ACTION ITEM.
A faithful copy of all the data is the goal; omit the pictures.
· · ·
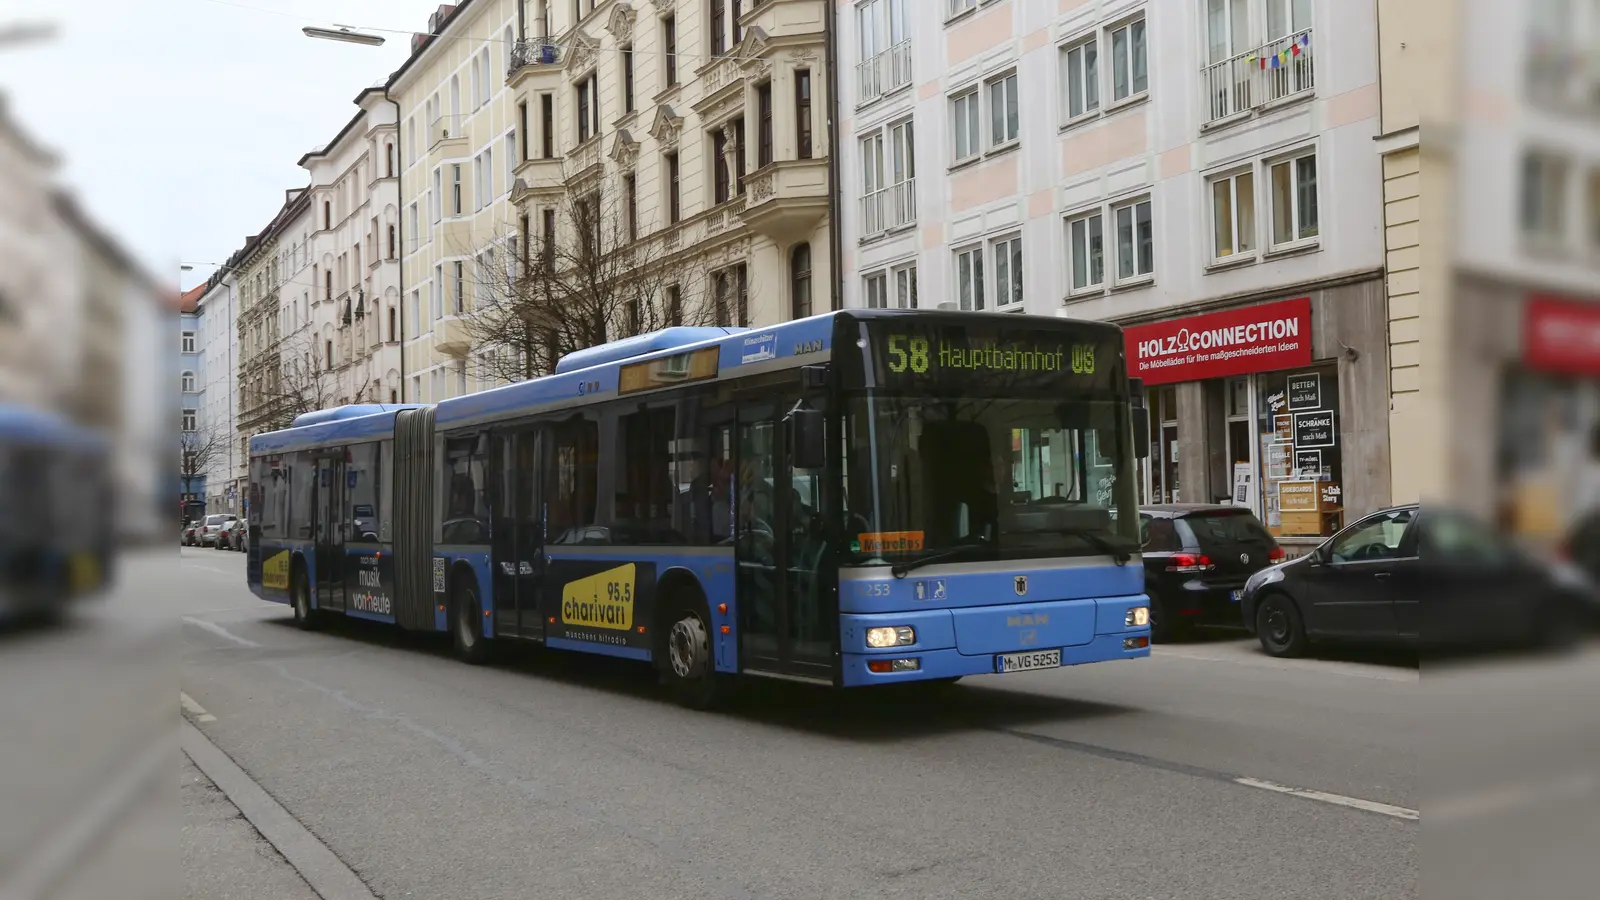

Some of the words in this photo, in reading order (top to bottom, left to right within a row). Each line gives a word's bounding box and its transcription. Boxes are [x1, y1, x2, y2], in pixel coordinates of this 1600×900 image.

[794, 339, 823, 355] MAN
[1138, 335, 1177, 359] HOLZ
[1189, 317, 1299, 351] CONNECTION
[888, 334, 929, 373] 58
[938, 338, 1063, 371] Hauptbahnhof
[1139, 361, 1150, 371] Die
[1150, 357, 1186, 369] Möbelläden
[1186, 354, 1196, 364] für
[1196, 353, 1209, 363] Ihre
[1210, 344, 1277, 361] maßgeschneiderten
[1278, 342, 1299, 352] Ideen
[1291, 380, 1316, 390] BETTEN
[1291, 394, 1304, 403] nach
[1298, 417, 1331, 428] SCHRÄNKE
[864, 537, 920, 550] MetroBus
[358, 567, 381, 588] musik
[607, 581, 631, 603] 95.5
[564, 594, 625, 625] charivari
[1017, 655, 1031, 668] VG
[1033, 652, 1059, 667] 5253
· · ·
WRITTEN REPLY.
Some of the words in this photo, in reading order (top to bottom, left to right within a row). Each line gives a word's bounding box and its transcription. Boxes are [x1, y1, x2, y2], in pixel coordinates of this 1600×900 image.

[794, 339, 823, 355] MAN
[1138, 335, 1177, 359] HOLZ
[1189, 317, 1299, 351] CONNECTION
[888, 334, 929, 373] 58
[938, 338, 1063, 371] Hauptbahnhof
[1139, 361, 1150, 371] Die
[1150, 357, 1186, 369] Möbelläden
[1186, 354, 1196, 364] für
[1196, 353, 1209, 363] Ihre
[1210, 344, 1277, 361] maßgeschneiderten
[1278, 342, 1299, 352] Ideen
[1291, 380, 1316, 390] BETTEN
[1291, 394, 1304, 403] nach
[1298, 417, 1331, 428] SCHRÄNKE
[864, 537, 920, 550] MetroBus
[358, 567, 381, 588] musik
[607, 581, 631, 603] 95.5
[564, 594, 625, 625] charivari
[1017, 655, 1031, 668] VG
[1033, 652, 1059, 667] 5253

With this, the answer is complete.